Hans-Böckler-Stiftung - 03.03.2011

14 EU-Staaten erhöhen Mindestlöhne - doch oft nur geringer Zuwachs als Folge der Wirtschaftskrise

WSI Mindestlohnbericht in den WSI Mitteilungen


Von 27 Mitgliedsstaaten der Europäischen Union verfügen 20 über einen allgemeinen gesetzlichen Mindestlohn. Zwölf davon haben die untere Lohngrenze zum Jahresbeginn 2011 angehoben, in zwei weiteren wurde der Mindestlohn im Herbst 2010 erhöht (siehe Infografik in Böckler Impuls 4/2011; Link unten). Gleichwohl stand die Mindestlohnentwicklung in vielen Ländern "nach wie vor unter dem Vorzeichen der Krise". Zu diesem Schluss kommt Dr. Thorsten Schulten, Tarifexperte des Wirtschafts- und Sozialwissenschaftlichen Instituts (WSI) in der Hans-Böckler-Stiftung. Die nominalen Erhöhungen fielen oft geringer aus als in den Vorjahren. Nach Abzug der Inflation waren die Zuwächse bestenfalls bescheiden, in einigen Ländern verloren die Mindestlöhne trotz Anhebung real an Wert. Das war beispielsweise in Frankreich, Belgien oder Großbritannien der Fall, wo die Mindestlöhne real um 0,1 bis 1,1 Prozent zurückgingen, zeigt Schulten im neuen WSI-Mindestlohnbericht, der in den WSI Mitteilungen erscheint. (*)

Einige Staaten, etwa Griechenland oder Tschechien, haben ihre Lohnminima eingefroren. Im schwer von der Krise betroffenen Irland wurde der Mindestlohn zum 1. Februar 2011 sogar gesenkt - ein Novum in der europäischen Mindestlohngeschichte. Es gab allerdings auch Ausnahmen vom Trend: Slowenien erhöhte seinen Mindestlohn um gut 25 Prozent, in Luxemburg, Polen, Ungarn, Lettland und Rumänien stiegen die Lohnminima um vier bis elf Prozent. Auch einige Länder außerhalb der EU hoben die Mindestlöhne spürbar an, etwa Australien, Kanada, Brasilien und die Türkei.

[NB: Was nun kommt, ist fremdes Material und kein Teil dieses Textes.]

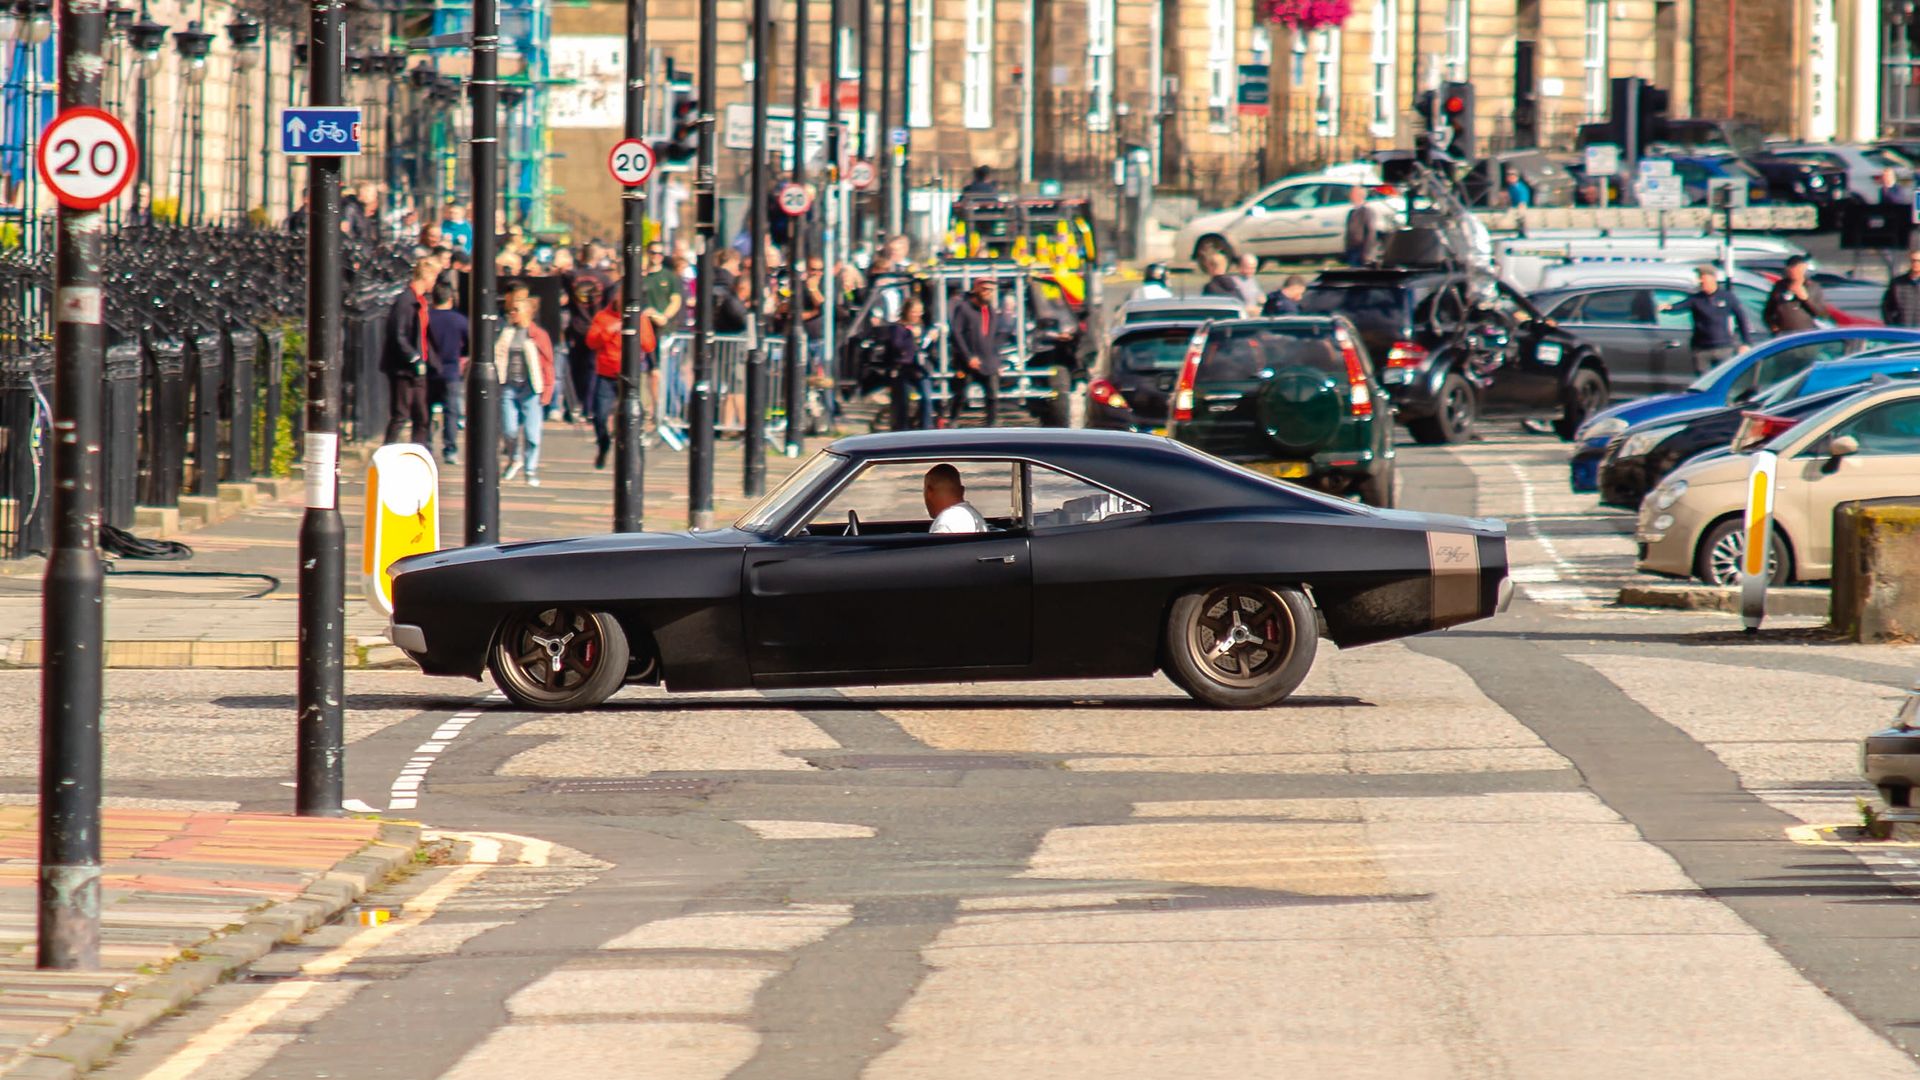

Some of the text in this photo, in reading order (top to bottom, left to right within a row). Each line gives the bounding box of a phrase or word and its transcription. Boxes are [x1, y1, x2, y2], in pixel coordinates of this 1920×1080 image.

[55, 138, 118, 177] 20
[616, 153, 647, 171] 20
[785, 193, 805, 207] 20

In den größeren westeuropäischen Euro-Ländern reicht die Spanne der untersten erlaubten Stundenlöhne nun von 7,65 Euro brutto in Irland (bis zum 31.1. 2011: 8,65 Euro) über 8,58 Euro in Belgien und 8,74 Euro in den Niederlanden bis zu neun Euro in Frankreich. Luxemburg hat mit 10,16 Euro den höchsten Mindestlohn in Europa. Der britische Mindestlohn beträgt umgerechnet 6,91 Euro. Allerdings ist dieser Wert stark von der anhaltenden Schwäche des Pfunds beeinflusst. "Ohne die Abwertungen seit 2007 würde der britische Mindeststundenlohn heute bei umgerechnet 8,67 Euro liegen", erklärt Schulten.

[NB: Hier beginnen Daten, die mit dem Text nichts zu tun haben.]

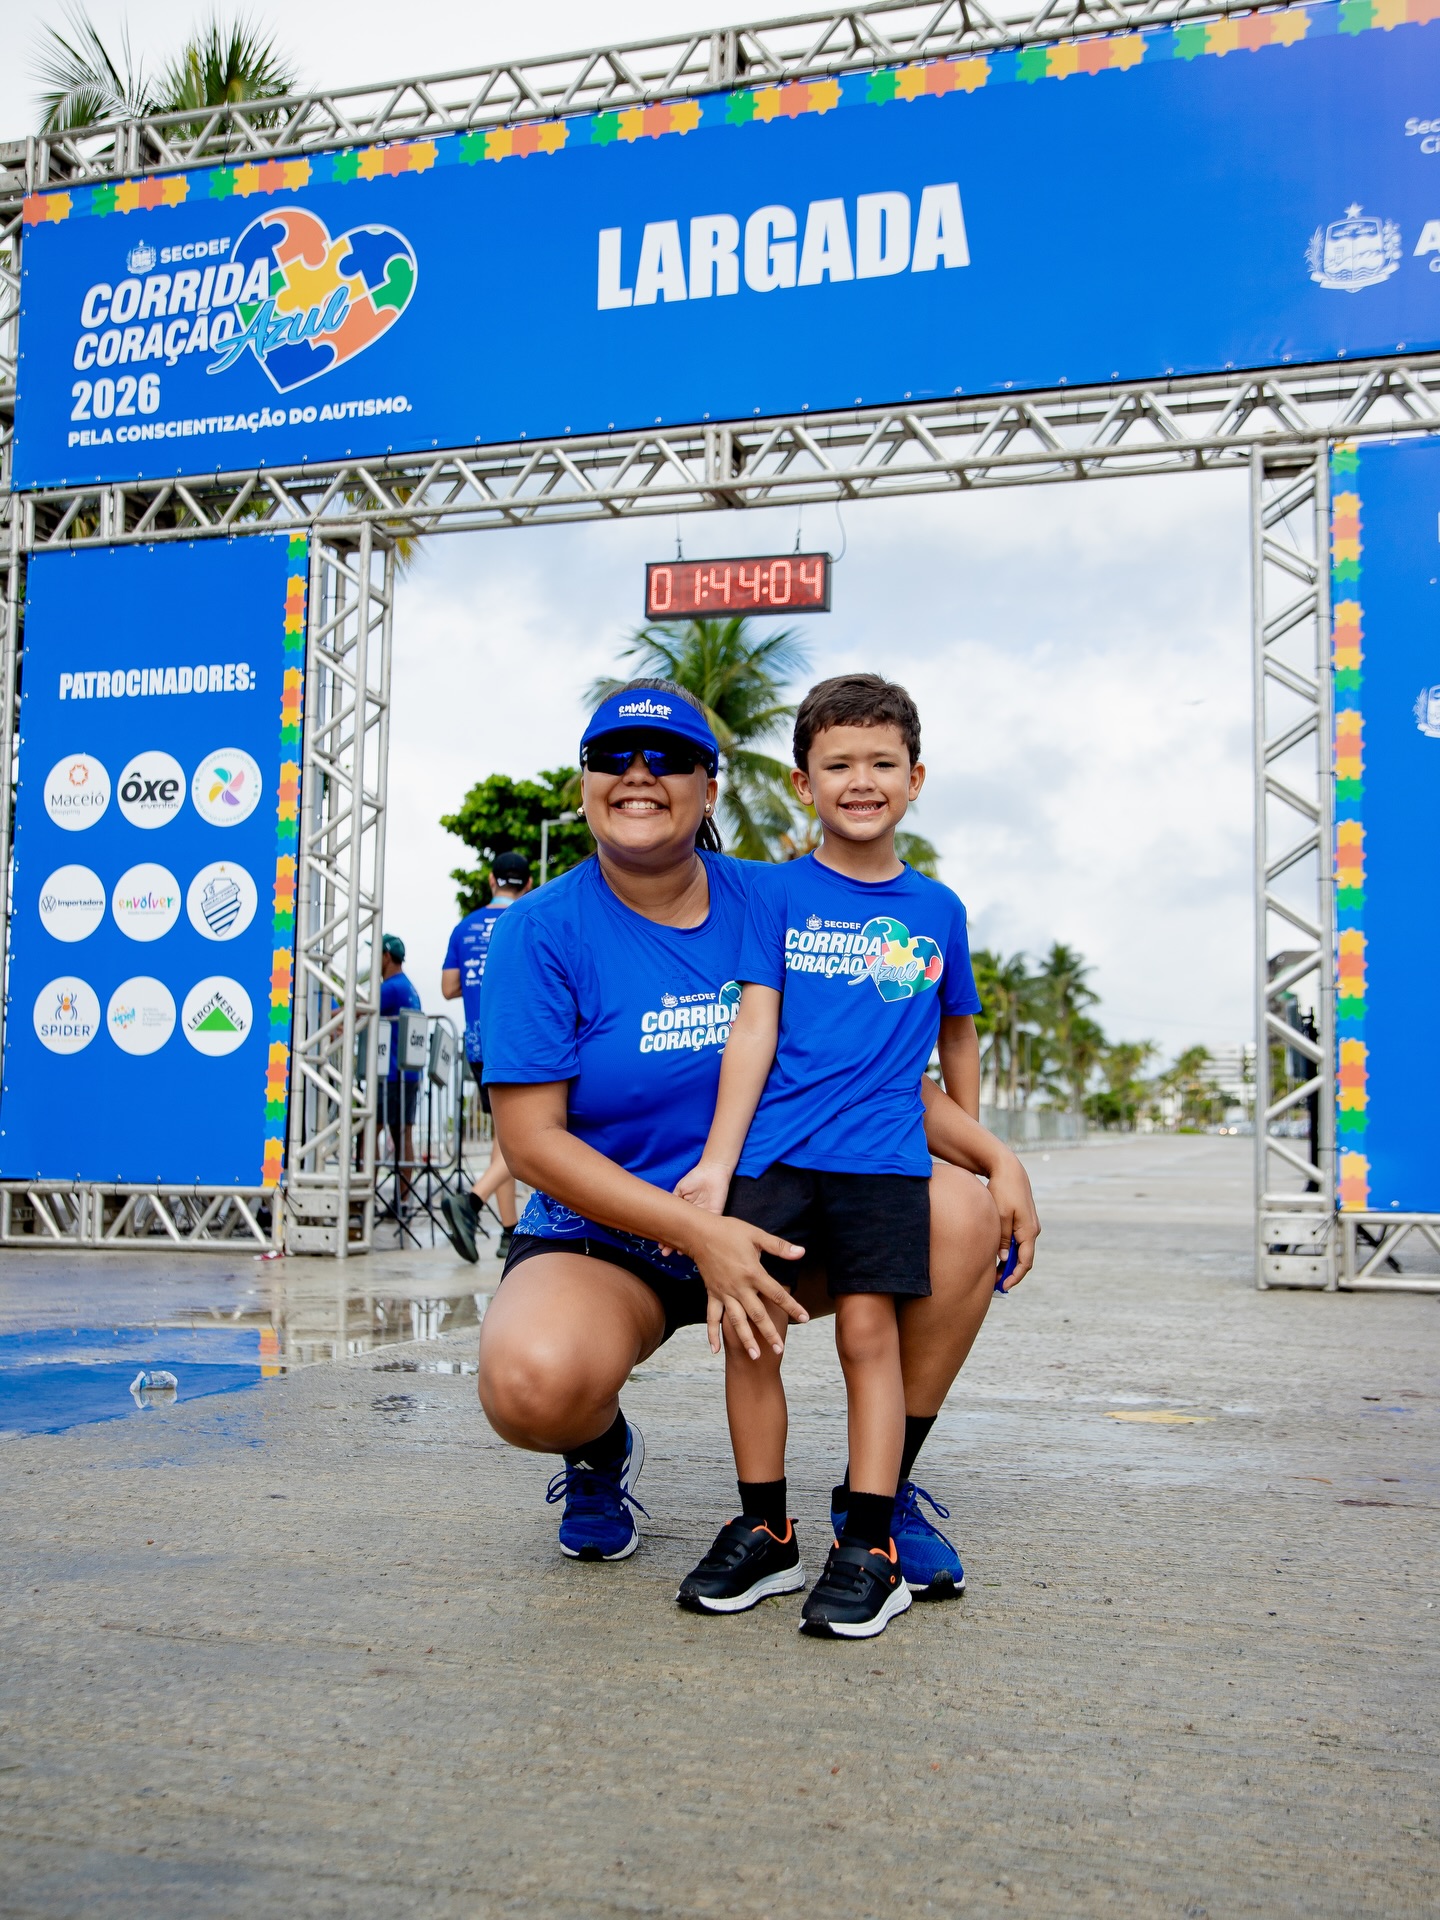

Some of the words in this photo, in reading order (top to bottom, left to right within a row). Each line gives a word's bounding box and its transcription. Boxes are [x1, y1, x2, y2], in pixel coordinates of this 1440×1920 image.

[160, 237, 230, 264] SECDEF
[597, 181, 971, 311] LARGADA
[80, 256, 270, 329] CORRIDA
[73, 306, 236, 371] CORAÇÃO
[206, 285, 351, 374] Azul
[70, 372, 161, 421] 2026
[67, 424, 114, 448] PELA
[117, 407, 287, 443] CONSCIENTIZAÇÃO
[289, 406, 318, 425] DO
[319, 395, 413, 421] AUTISMO.
[59, 662, 256, 700] PATROCINADORES:
[51, 791, 104, 807] Maceió
[121, 772, 180, 803] ôxe
[140, 801, 179, 810] eventos
[824, 920, 862, 930] SECDEF
[785, 928, 882, 956] CORRIDA
[784, 951, 864, 978] CORAÇÃO
[847, 955, 918, 986] Azul
[187, 998, 216, 1031] LEROY
[213, 991, 247, 1032] MERLIN
[679, 992, 717, 1004] SECDEF
[41, 1024, 91, 1037] SPIDER
[639, 1022, 731, 1053] CORAÇÃO

Die südeuropäischen EU-Staaten haben Lohnuntergrenzen zwischen 2,92 Euro in Portugal und 4,28 Euro in Griechenland. Etwas darüber liegt mit 4,32 Euro erstmals ein EU-Beitrittsstaat aus Osteuropa - Slowenien. In den übrigen mittel- und osteuropäischen Staaten sind die Mindestlöhne deutlich niedriger. Sie reichen von 0,71 Euro in Bulgarien bis 1,85 Euro in Polen. Allerdings haben die meisten dieser Länder über einen längeren Zeitraum aufgeholt, weil die Mindestlöhne dort schneller stiegen. Zudem spiegeln die Mindestlöhne zum Teil die unterschiedlichen Lebenshaltungskosten wider, zeigt Schultens Untersuchung. Legt man Kaufkraftparitäten zugrunde, reduziert sich das Verhältnis zwischen dem niedrigsten und dem höchsten gesetzlichen Mindestlohn in der EU von 1:14 auf etwa 1:7.

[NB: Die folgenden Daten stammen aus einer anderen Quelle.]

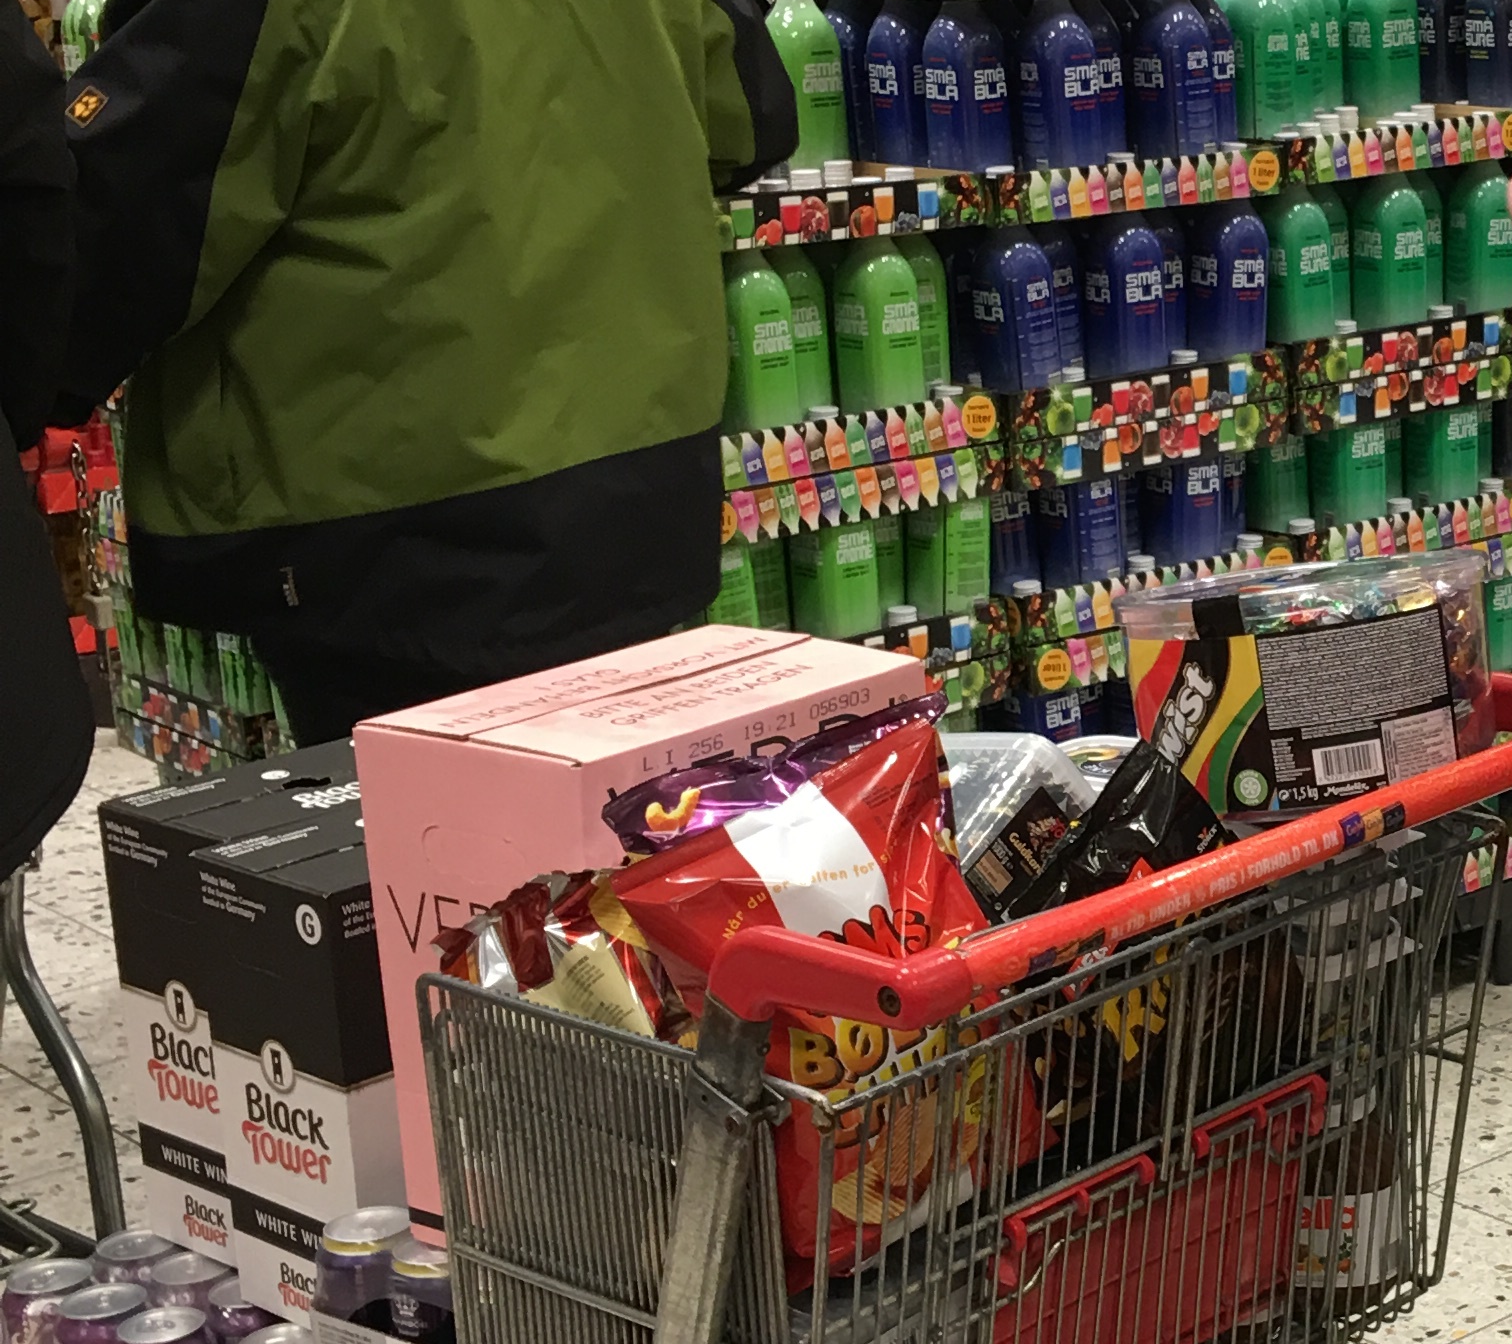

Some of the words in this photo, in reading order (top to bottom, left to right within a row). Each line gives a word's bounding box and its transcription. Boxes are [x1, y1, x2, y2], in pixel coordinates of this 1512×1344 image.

[700, 660, 780, 690] BEIDEN
[719, 664, 812, 697] TRAGEN
[689, 734, 725, 757] 256
[809, 688, 871, 721] 056903
[1209, 874, 1237, 900] PRIS
[721, 910, 745, 941] Når
[245, 1082, 330, 1150] Black
[161, 1145, 200, 1174] WHITE
[241, 1120, 332, 1184] Tower
[184, 1194, 226, 1230] Black
[255, 1210, 296, 1242] WHITE
[184, 1214, 228, 1247] Tower

Außerhalb der EU verfügen nach Daten der Internationalen Arbeitsorganisation (ILO) rund 80 weitere Staaten über eine allgemeine Untergrenze für Löhne. "Das macht deutlich, dass gesetzliche Mindestlöhne weltweit zu den etablierten Instrumenten bei der Regulierung des Arbeitsmarktes gehören", schreibt Schulten. Exemplarisch betrachtet der WSI-Forscher die Mindestlöhne in acht Ländern, darunter die Vereinigten Staaten, Australien, die Türkei, Japan und Brasilien. Mit Ausnahme der USA wurden dort die Lohnuntergrenzen innerhalb des vergangenen Jahres angehoben. Sie reichen von umgerechnet 1,03 Euro in Brasilien über 6,28 Euro in Japan bis zu 10,40 Euro in Australien. Dieser hohe Euro-Wert beruht allerdings zum Teil auf der Stärke des Australischen Dollars.

Von Seiten der Wissenschaft haben Mindestlöhne kürzlich neue Unterstützung erhalten. Forscher der US-Universität Berkeley widerlegten in einer umfassenden, methodisch anspruchsvollen Studie die Befürchtung, Mindestlöhne würden sich negativ auf die Beschäftigung auswirken. Die Wissenschaftler um Professor Michael Reich kamen zu dem Ergebnis, dass Lohnuntergrenzen in den USA die Einkommen in Niedriglohnbranchen erhöht haben, ohne dass Jobs verloren gingen (Link zur Studie unten).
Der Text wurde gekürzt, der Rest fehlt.